L'articolo 9 del decreto legge n. 90 del 24 giugno 2014

Alla vigilia del Dl n. 90/2014, l'assetto era, per quanto qui interessa, il seguente:

- se il legale del comune/provincia/regione perdeva una causa con condanna dell'ente alle spese, non percepiva alcun compenso;

- se il legale del comune/provincia/regione perdeva una causa con compensazione delle spese non percepiva alcun compenso;

- se il legale del comune/provincia/regione vinceva una causa con compensazione delle spese percepiva il compenso previsto dal Regolamento interno xxx;

- se il legale dell'amministrazione vinceva una causa con condanna di controparte alle spese, percepiva il compenso previsto dal Regolamento o il maggior compenso liquidato in sentenza dal giudice a carico di controparte con la riduzione prevista dall'art. 1, comma 457, legge di stabilità 2014.

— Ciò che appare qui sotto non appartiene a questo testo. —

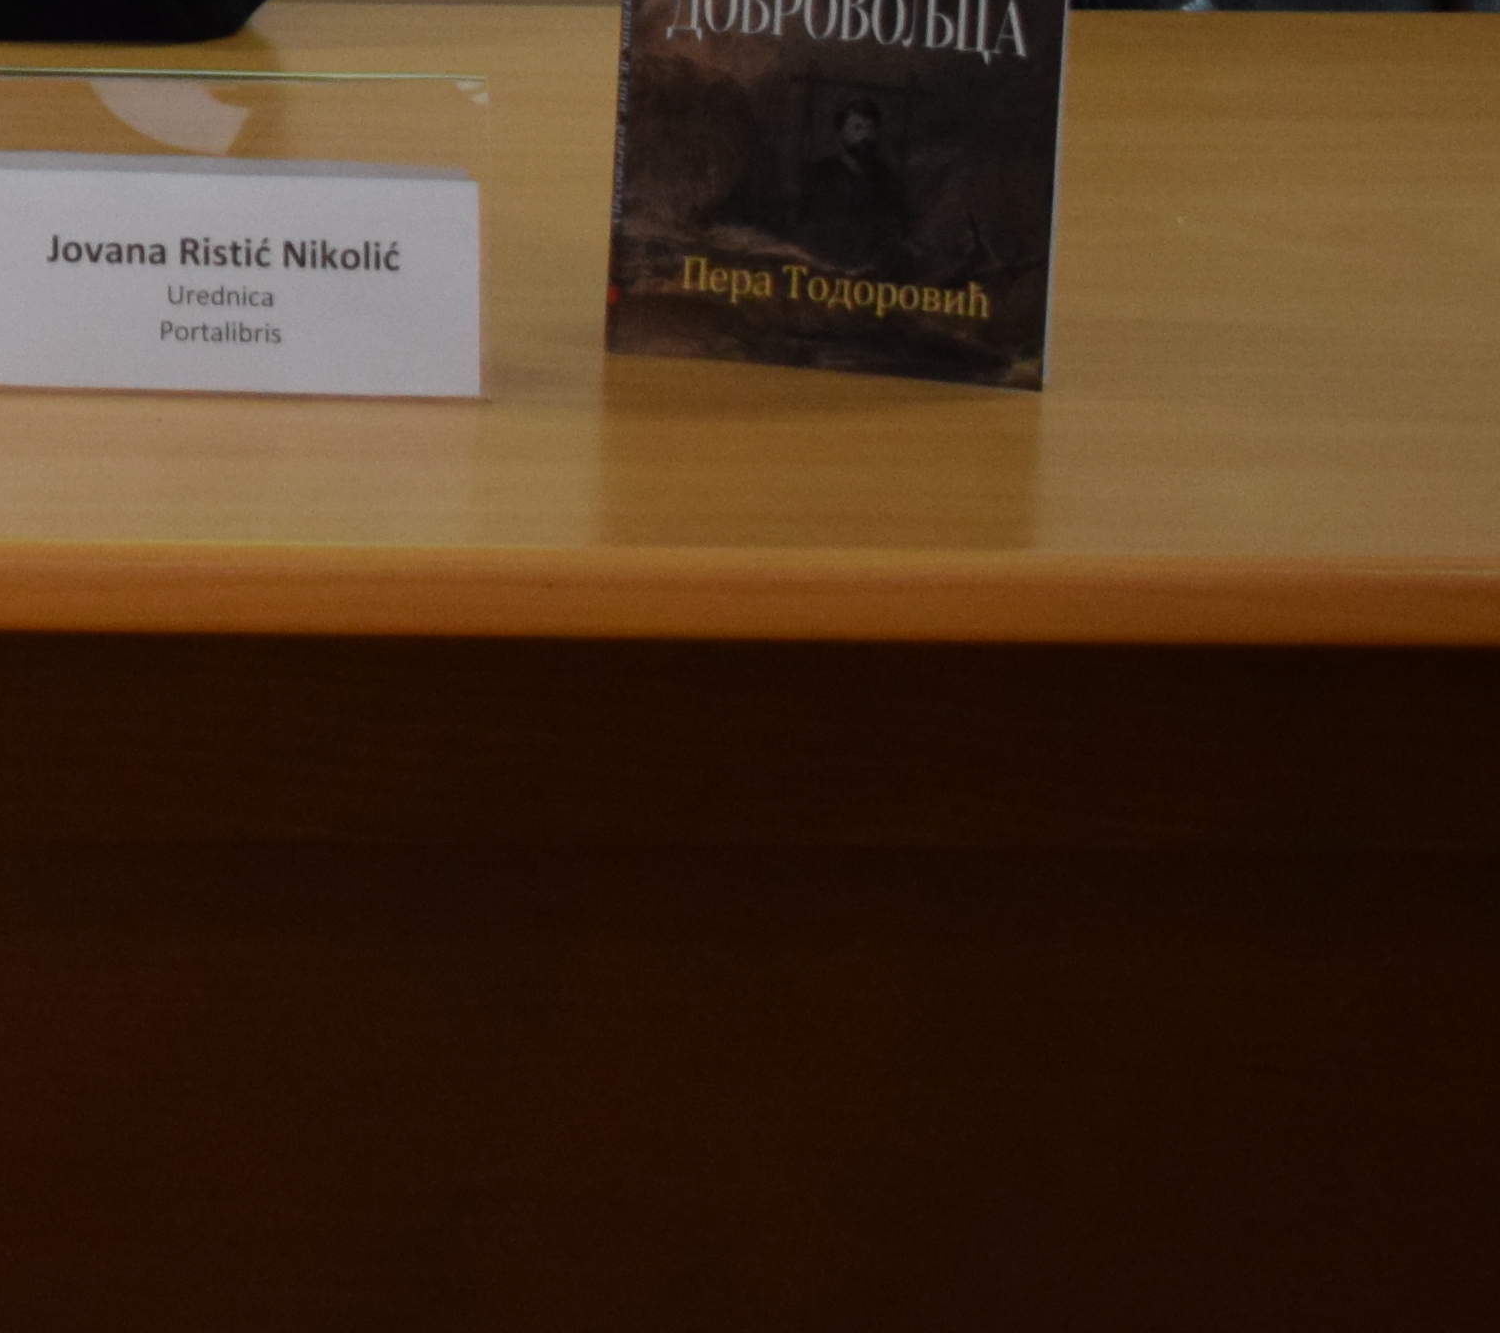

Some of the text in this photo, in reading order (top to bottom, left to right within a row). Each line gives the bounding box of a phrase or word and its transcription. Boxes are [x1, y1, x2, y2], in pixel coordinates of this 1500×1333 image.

Innovando drasticamente la disciplina previgente, il Dl n. 90/2014 nella sua originaria formulazione:

a) abroga riferimento alle sentenze depositate successivamente alla data di entrata in vigore dello stesso decreto il comma 457 dell'art. 1 della legge n. 147 del 27 dicembre 2013 e l'art. 21 del Rd n. 1611/1933;

b) nelle ipotesi di sentenza favorevole con recupero delle spese legali a carico delle controparti, limita al 10% delle somme recuperate il riconoscimento a favore degli avvocati dello Stato o degli avvocati dipendenti dalle altre amministrazioni, in base alle norme del regolamento delle stesse, "salvando" dalla tagliola i compensi degli avvocati non dirigenti;

c) elimina del tutto la corresponsione dei compensi professionali in caso di compensazione integrale delle spese, ivi inclusi quelli di transazione dopo sentenza favorevole alla PA.

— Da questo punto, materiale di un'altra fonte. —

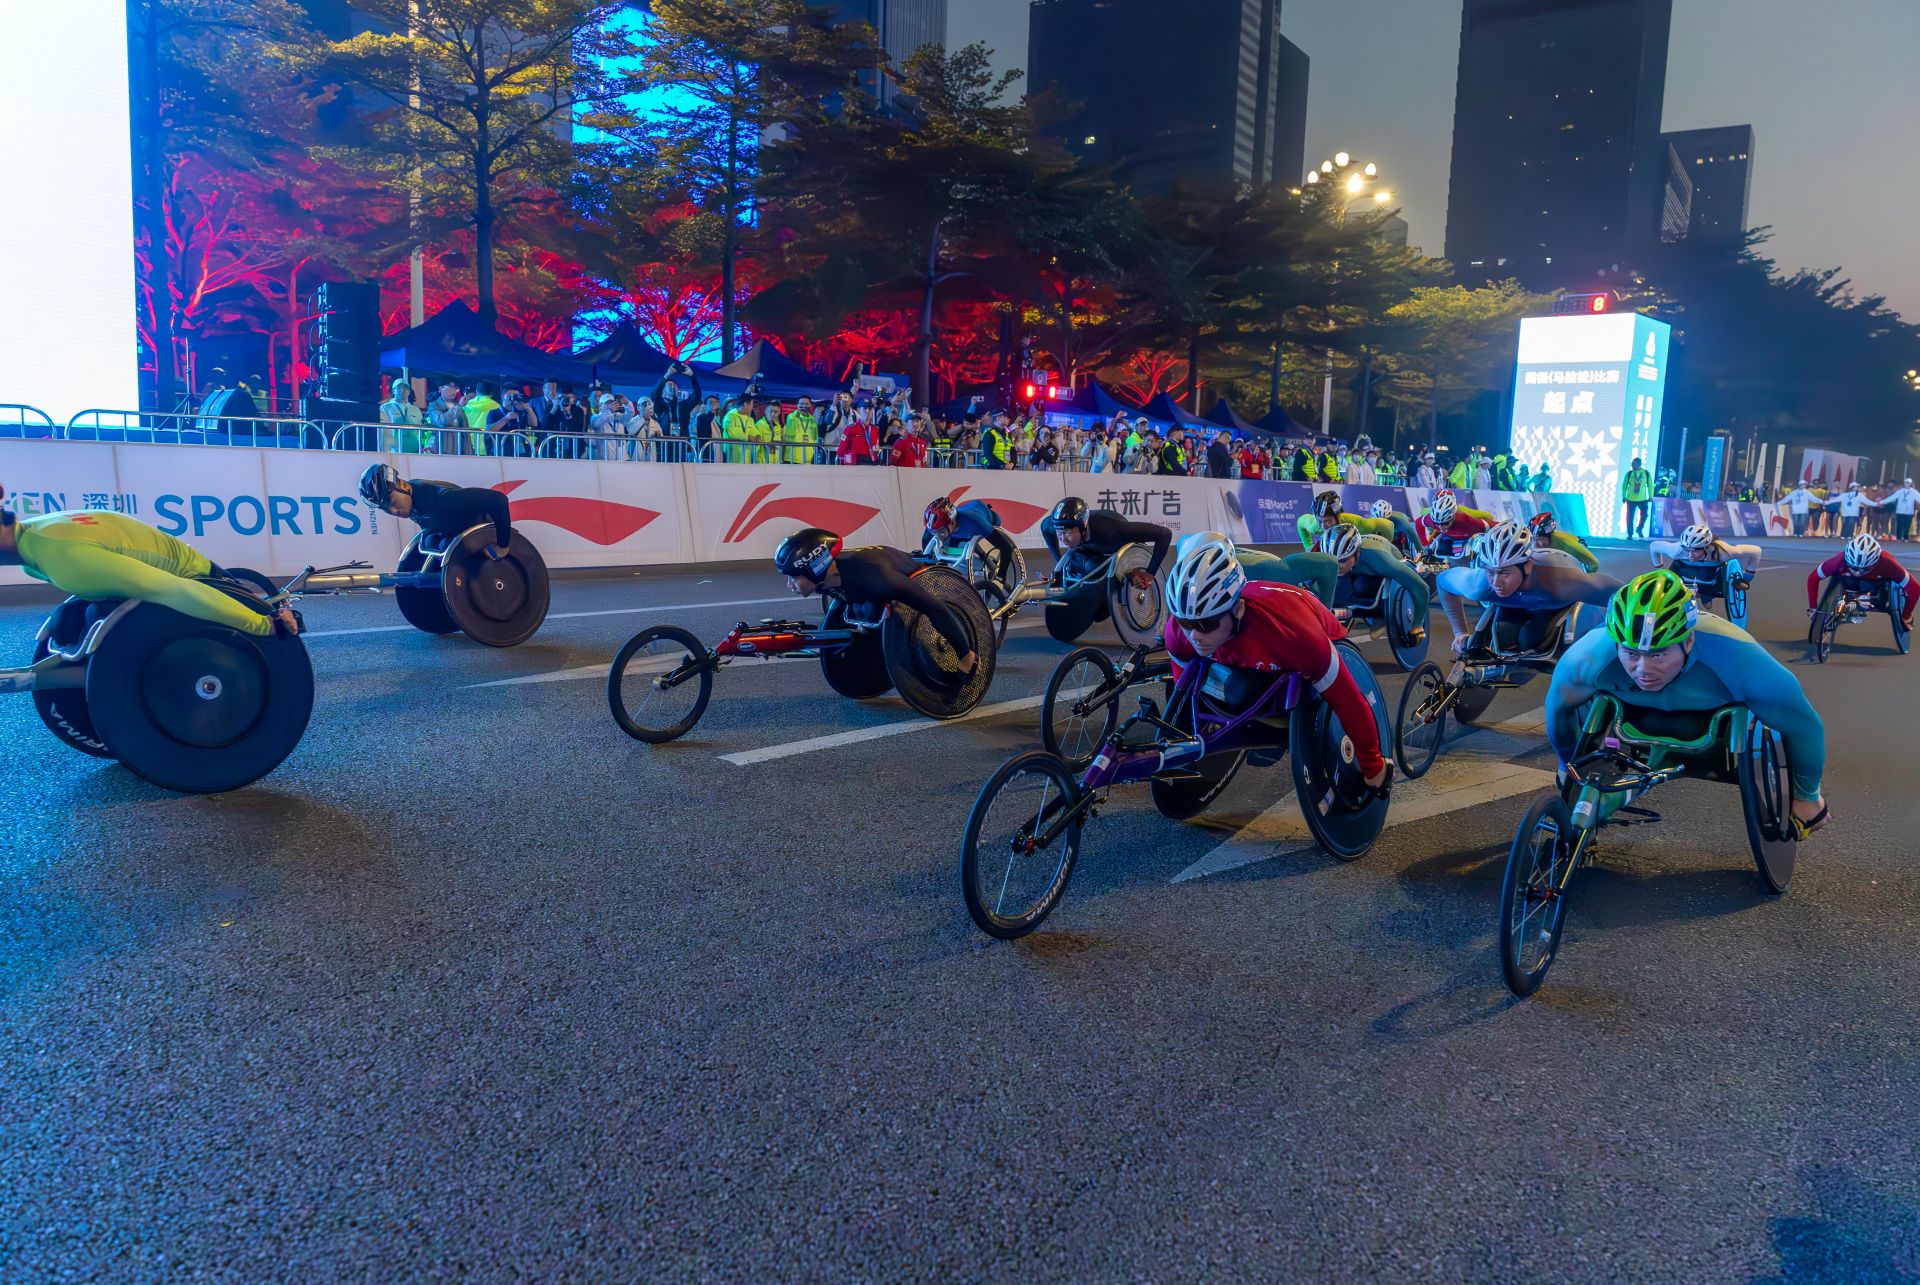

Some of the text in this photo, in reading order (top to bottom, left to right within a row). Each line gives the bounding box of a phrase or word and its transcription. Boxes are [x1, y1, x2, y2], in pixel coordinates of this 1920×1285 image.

[1542, 391, 1595, 414] 起点
[82, 493, 138, 515] 深圳
[154, 494, 361, 537] SPORTS
[1097, 489, 1181, 516] 未来广告
[793, 540, 828, 569] RUDY

Nell'intento governativo, l'art. 9 del Dl n. 90/2014 annunciato dapprima ai mass-media e finalmente pubblicato in data 24 giugno 2014 rispondeva "alle urgenti necessità di contenimento della spesa pubblica" (vedasi relazione di accompagnamento al Dl), riducendo l'ammontare dei compensi professionali non correlati a criteri di valutazione della performance omogenei alle altre categorie dirigenziali, con ciò soddisfacendo anche esigenze di perequazione e arrecando un comprensibile vantaggio alle finanze degli enti pubblici mercé la bravura e la competenza delle loro professionalità interne. Purtuttavia, esso provocava una vera e propria levata di scudi da parte delle categorie interessate, in massima parte e oggettivamente giustificata sia dallo "svilimento" dello status professionale dell'avvocatura pubblica sia da "storture" normative che difficilmente avrebbero retto al vaglio di legittimità costituzionale. In particolare, è apparsa immediatamente lesiva del principio di uguaglianza la disposizione contemplata dal comma 3 che, incidendo sul compenso professionale, operava un'irragionevole differenziazione tra avvocati dirigenti e avvocati non dirigenti - anche appartenenti allo stesso ufficio - negando ai primi ma riconoscendole ai secondi le somme recuperate in caso di sentenza favorevole. In secondo luogo, non differenziava affatto tra Avvocatura dello Stato e Avvocatura degli altri enti pubblici, ancorché profondamente diversi siano lo status, il trattamento economico e le modalità di accesso alle relative carriere.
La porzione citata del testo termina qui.